For context we currently have two car payments, my wife’s car is about $400 a month and she has about $8000 left to pay on it, mine has about $4000 left and I’ve been paying $400 a month, but mine is an informal loan and doesn’t have interest. We also have a $165,000 mortgage we pay about $1,400 a month on plus utilities and the rest of the slew of other payments like vehicle insurance and all of that. Most notably right now we owe a bit over $10,000 as our boiler broke this winter and we had to replace it, the loan is interest free for the first year then gets a super high interest if we don’t pay it off before then, but if it comes to that I plan to just take out a lower interest personal loan to pay off whatever small remainder is still there. We pay off our credit card monthly and both of our student loans are taken care of.
We’re just really not sure how we should utilize this amount of money to best benefit our situation. It’s obviously not enough to clear our debt entirely but it definitely is enough to clear one thing or put a dent in several things, but we also could put it in savings and try to not use it or maybe something else we haven’t thought of. Please go easy on me if any of this sounds stupid as I’m an absolute beginner to personal finance and usually leave these things to my much smarter wife while I take care of house chores, but she doesn’t use Reddit. Any advice on how to best use this to improve our financial situation and payments would be appreciated, thank you so much!

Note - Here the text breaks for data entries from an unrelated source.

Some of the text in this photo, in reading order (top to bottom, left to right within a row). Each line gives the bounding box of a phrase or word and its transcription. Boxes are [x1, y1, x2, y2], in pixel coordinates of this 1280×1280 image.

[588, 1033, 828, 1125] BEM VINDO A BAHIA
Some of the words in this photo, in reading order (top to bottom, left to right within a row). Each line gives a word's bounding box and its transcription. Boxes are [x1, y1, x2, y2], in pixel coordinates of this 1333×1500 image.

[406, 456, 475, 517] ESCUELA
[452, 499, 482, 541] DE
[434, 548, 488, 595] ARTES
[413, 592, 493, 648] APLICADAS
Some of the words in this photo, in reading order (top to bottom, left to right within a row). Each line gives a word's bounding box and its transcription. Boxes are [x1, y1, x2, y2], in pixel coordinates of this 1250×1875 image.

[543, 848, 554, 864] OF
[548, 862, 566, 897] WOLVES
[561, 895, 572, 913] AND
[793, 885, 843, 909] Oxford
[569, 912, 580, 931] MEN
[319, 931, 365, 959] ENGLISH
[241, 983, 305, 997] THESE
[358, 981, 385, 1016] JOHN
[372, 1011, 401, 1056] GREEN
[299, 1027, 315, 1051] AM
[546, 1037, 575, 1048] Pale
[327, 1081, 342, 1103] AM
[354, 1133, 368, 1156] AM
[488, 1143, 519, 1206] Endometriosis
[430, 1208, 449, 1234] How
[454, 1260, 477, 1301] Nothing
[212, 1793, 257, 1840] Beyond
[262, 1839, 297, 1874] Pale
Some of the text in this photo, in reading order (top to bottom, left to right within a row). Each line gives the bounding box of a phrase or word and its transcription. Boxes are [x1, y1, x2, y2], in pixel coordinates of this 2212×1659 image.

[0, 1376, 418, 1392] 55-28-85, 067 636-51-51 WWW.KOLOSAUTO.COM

$10,000 gift from parents, any advice on how to best use it?
byu/Budget-Quantity-8440 inpersonalfinance
Posted by Budget-Quantity-8440
10 Comments
Your car loan has no interest, what is her interest rate?
That is very kind of your parents.
Advice from my financial advisor is to get rid of any debts that have interest rates higher than 10%.
Ideally pay off debt that has an interest rate over 6%. Pay off the thing that has the highest interest.
Pay off the boiler loan in full before the promo expires. Most of these 0% financing deals are deferred interest, meaning if you miss the deadline by even one day, they charge you interest from day one of the loan. That can be hundreds or thousands of extra dollars. Read the contract and check for the words “deferred interest” to confirm.
Skip the savings option. No savings account beats the return of killing a debt that could spike to high interest overnight.
After the boiler is gone, throw your normal monthly payments at your wife’s car next, since that is the only debt left charging you interest. Rebuild your emergency fund once both are handled.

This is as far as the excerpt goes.